Now. TN12 has come back to stock in US amazon. Thanks


----------



## The Burgh

*Re: Thrunite TN12 2014 (XM-L2, 1x18650, 2xCR123A/RCR) Review: BEAMSHOTS, RUNTIME...*



ThruNite said:


> Now. TN12 has come back to stock in US amazon. Thanks



Yes, but cool white tint only. Can't find neutral tint anywhere.


----------



## selfbuilt

Southpaw1925 said:


> Basically the light works fine and switches mode until you hit turbo. What should I do?
> This is my first thrunite light and my experience so far has been horrid


Have you tried another battery? Since the behavior only occurs on the maximally-driven Turbo and Strobe modes, a possibility is that the circuit is detecting a battery issue at this drive level, and shutting down.


----------



## Southpaw1925

selfbuilt said:


> Have you tried another battery? Since the behavior only occurs on the maximally-driven Turbo and Strobe modes, a possibility is that the circuit is detecting a battery issue at this drive level, and shutting down.

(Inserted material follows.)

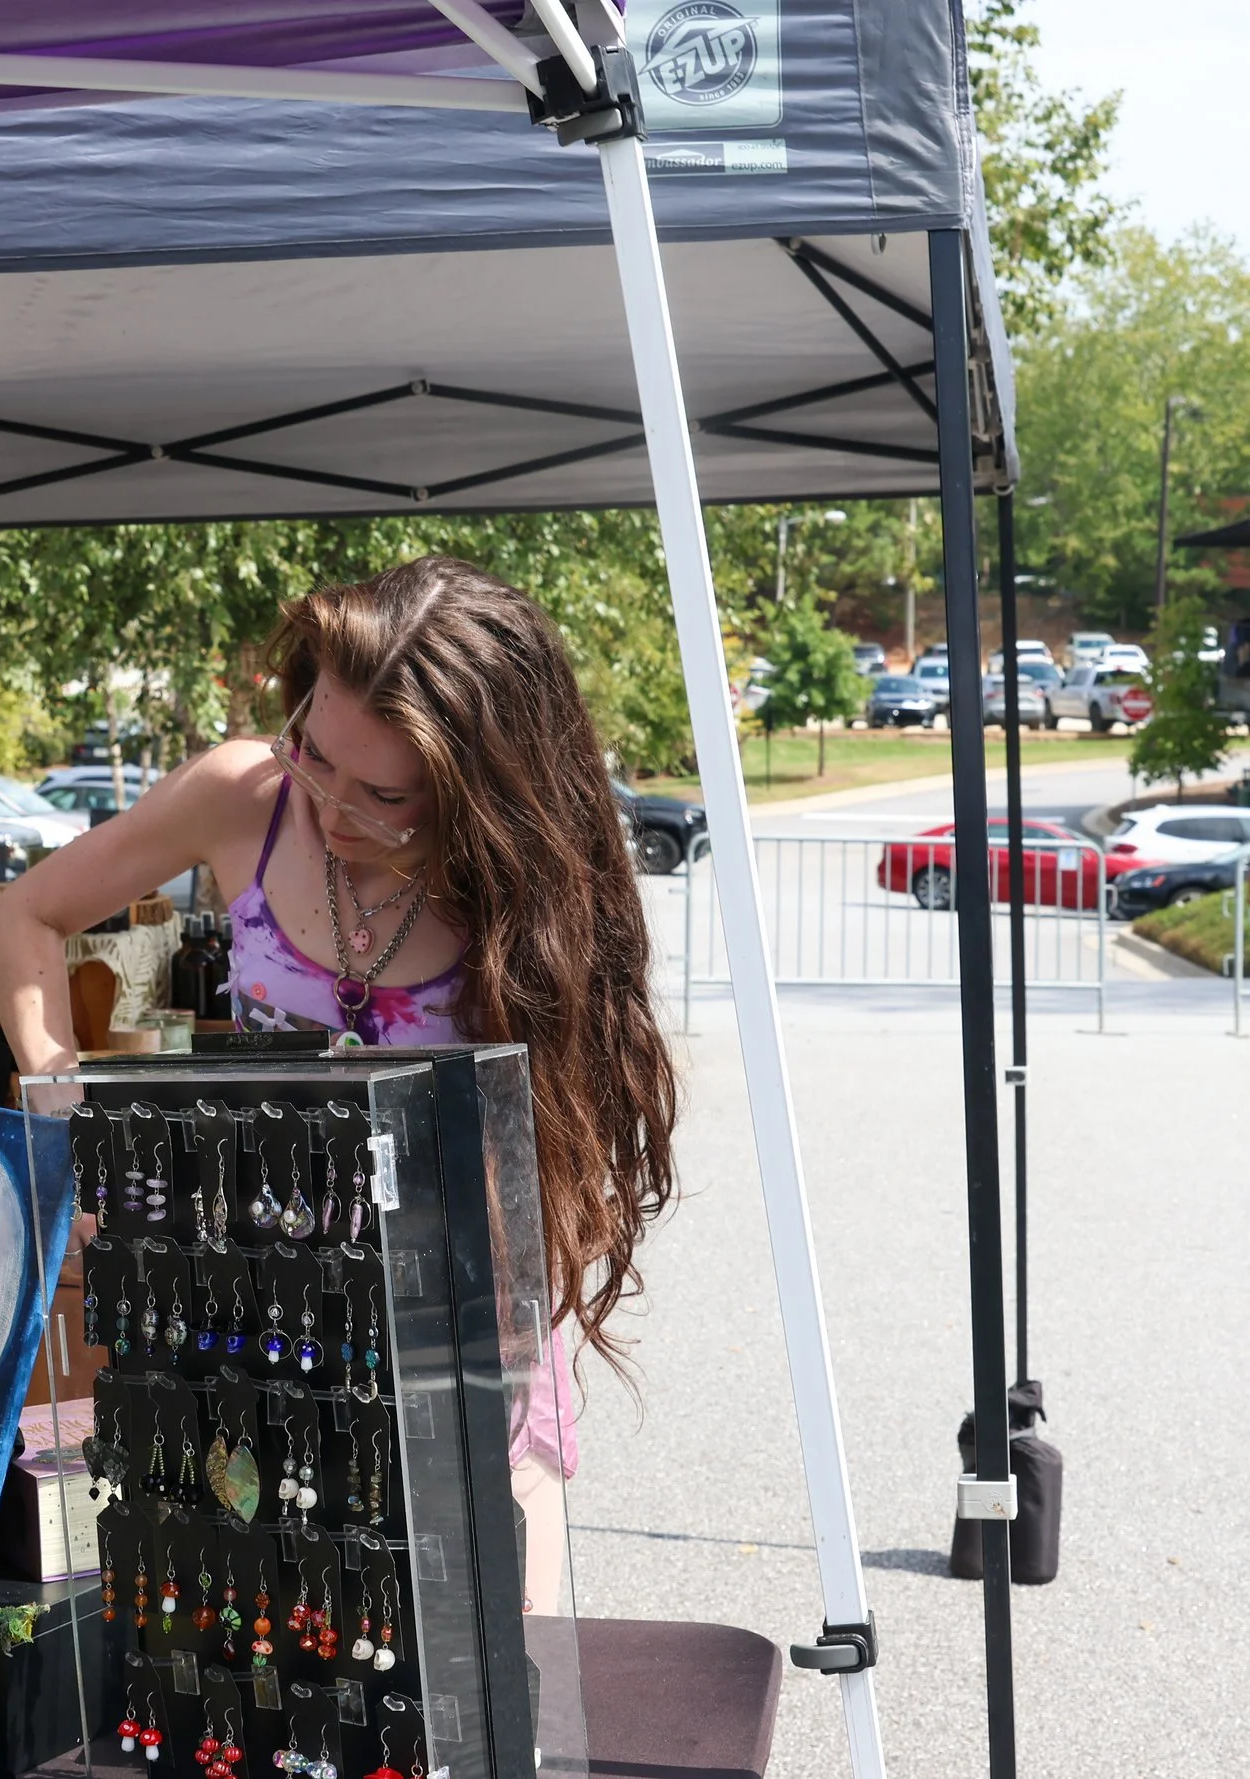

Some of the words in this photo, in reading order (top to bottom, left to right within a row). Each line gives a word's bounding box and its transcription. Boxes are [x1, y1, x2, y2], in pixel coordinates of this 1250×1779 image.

[657, 5, 718, 37] ORIGINAL
[699, 90, 727, 101] since
[731, 160, 783, 172] ezup.com

I thought about that and charged a brand new 18650 battery to %100 and still, does the same exact thing.


----------



## selfbuilt

Southpaw1925 said:


> I thought about that and charged a brand new 18650 battery to %100 and still, does the same exact thing.


What kind of cells are you using? Assuming a quality brand, this would definitely be RMA time.


----------



## Southpaw1925

selfbuilt said:


> What kind of cells are you using? Assuming a quality brand, this would definitely be RMA time.



I got it from a local battery store. L






My charger didn't indicate that it was a bad cell but who knows, the charger could be wrong. 

But just to be sure I did just order a nitecore 18750 3400mah cell so we'll see.


----------



## selfbuilt

Hmm, I gather those are something of a budget brand. The Nitecore cell should help settle the matter for you.


----------



## Southpaw1925

selfbuilt said:


> Hmm, I gather those are something of a budget brand. The Nitecore cell should help settle the matter for you.



I really really hope so :/


----------



## cagenuts

Southpaw1925 said:


> But just to be sure I did just order a nitecore 18750 3400mah cell so we'll see.



If you're in the LA area I can give you one for free.


----------



## rickypanecatyl

Does anyone know if the turbohead from the TN11/Scorpion/Lynx/SubbeanT10 will screw on to this light for more throw?


----------



## Southpaw1925

cagenuts said:


> If you're in the LA area I can give you one for free.



San Diego


----------



## cagenuts

Southpaw1925 said:


> San Diego



Don't you have a friend in LA who could collect for you? I actually have four of them looking for a good home.


----------



## Southpaw1925

cagenuts said:


> Don't you have a friend in LA who could collect for you? I actually have four of them looking for a good home.



To donate?


----------



## cagenuts

Southpaw1925 said:


> To donate?



If you need them, then yes. They are brand new Nitecore 3400mAh 18650s. They came bundled with a Fenix TK75 that I bought but the courier refused to ship the batteries. I think there is also one of those Edison sample packs. All you have to do is collect.


----------



## Southpaw1925

*Thrunite TN12 2014 (XM-L2, 1x18650, 2xCR123A/RCR) Review: BEAMSHOTS, RUNTIME...*



cagenuts said:


> If you need them, then yes. They are brand new Nitecore 3400mAh 18650s. They came bundled with a Fenix TK75 that I bought but the courier refused to ship the batteries. I think there is also one of those Edison sample packs. All you have to do is collect.



Sending pm now  check your messages in a few mins


----------



## Southpaw1925

Just went to the battery store where I got my 18650. He put a different fully charged 18650 as well as 2x rcr123's in it and both battery types did the same exact behavior. Looks like I got a lemon. 

He also said the cell I posted earlier isn't a generic cell. It's made from Samsung.

Looks like I will for sure ask for a refund.


----------



## BWX

cagenuts said:


> If you need them, then yes. They are brand new Nitecore 3400mAh 18650s. They came bundled with a Fenix TK75 that I bought but the courier refused to ship the batteries. I think there is also one of those Edison sample packs. All you have to do is collect.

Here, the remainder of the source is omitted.